Women relinquished their parental rights for much the same reason in the mid 18th century as they do today—poverty, family dysfunction, and inability to provide a stable home.  About two-thirds of the babies that were admitted to the Foundling Hospital were born to single women.  We can assume that mothers in the 18th century grieved over this decision, just as mothers throughout the world grieve today.  At least for some, leaving a piece of cloth reflected a hope that their decision might be reversed in the future.

The exhibit and most of the reviews primarily focused on the historic significance of the cloth remnants as insight into the lives of the poor and working class in Britain.  I, on the other hand, was fascinated by what these scraps of cloth and notes said about the lives of these women.

What can you leave to identify your child?

Little pieces of a hand woven diaper or cap were carefully pinned to admission papers.  Scraps from worn dresses and lots of ribbons were left.  We can speculate on the meaning of some of the remnants.  Did fabric imprinted with the image of buds or flowers reflect an unspoken hope for this child?  Did birds and butterflies speak to the dream of a bright and happy future?  The meaning of the ever abundance hearts is clear.  They came in every form imaginable– drawn on paper, metal hearts, embroidered hearts, hearts cut out of fabric.

What I found particularly heart breaking were the notes. (My only complaint about the online version of this exhibit is that the pictures focused more on the cloth and often cut off the notes.)

  • Foundling 8338: “May all thy life be happiness and love.”
  • Founding 7000: Ann Gardner, born Oct. 6, 1757. “Begs to have care taken of her and they will pay all charges in a little time with a handsome acknowledgement for the same and have her home again when they get over the little trouble they are in. She is not a bastard child.
  • Foundling 8959: Florella Burney, born June 19, 1758  “In The Parish off St Anns SoHo. not Baptize’d, pray Let partiuclare Care be Taken’en off this Child, As it will be call’d for Again.”
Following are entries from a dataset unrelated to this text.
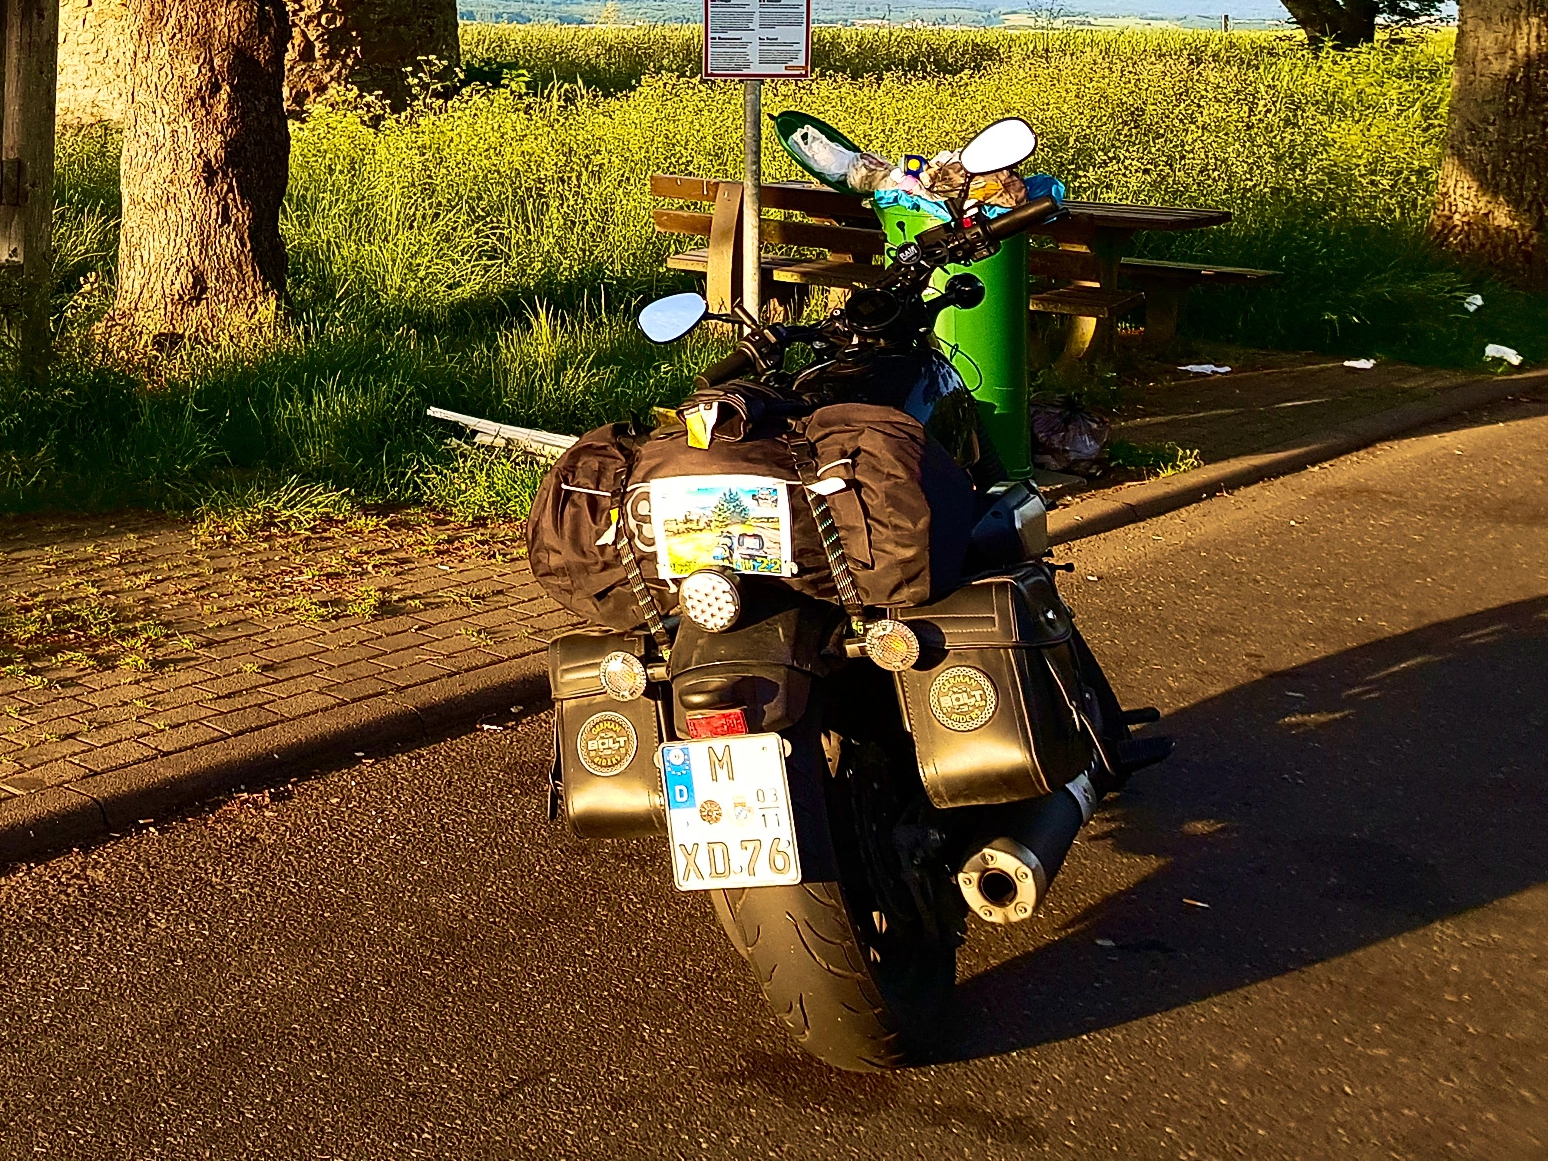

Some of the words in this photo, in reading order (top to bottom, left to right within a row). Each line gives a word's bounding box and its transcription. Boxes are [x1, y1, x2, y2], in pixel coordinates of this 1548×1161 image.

[940, 676, 977, 692] GERMAN
[940, 690, 984, 707] BOLT
[951, 709, 981, 723] RIDERS
[587, 736, 628, 751] BOLT
[708, 745, 735, 782] M
[674, 785, 689, 803] D
I ached to know what happened.  Were Ann and Florella ever reunited with their families?  Did Foundling 8338 have a happy life?  We don’t know the specifics of these orphans, but we know that two thirds of the children died.  Although this sounds like a condemnation of the care at the Foundling Hospital, during this same time period half of all children born in London died in infancy.  At least from the records, it appears that the Foundling Hospital did the best they could.

Within a few days of being received the children were shipped out to the country, where they were fostered by wet nurses. If they managed to survive for six years, they returned to the Foundling Hospital for some solid if rudimentary education.  At fifteen, the boys were apprenticed in a variety of trades and the girls prepared for a life as household servants.

Happy endings were few and far between.

Out of the 16,282 infants admitted between 1741 and 1760, only 152 mothers ever reclaimed their child. One of these 152 was Sarah Bender. When she left her son, she also left a piece of elaborate patchwork, made up of bits of printed fabric, on which she had embroidered a heart in red thread. She retained the matching piece. Eight years later, she showed up at the door to the Foundling Hospital and presented her piece of patchwork, and left with her son.

As I looked at the pictures of the cloth and notes left, I wondered. What would I have left?  What would I have written that could possibly convey my reasons, and my hopes and my prayers for my child.  Thank God I’ve never been in that position because I couldn’t think of a thing that would begin to encompass what I would want to convey.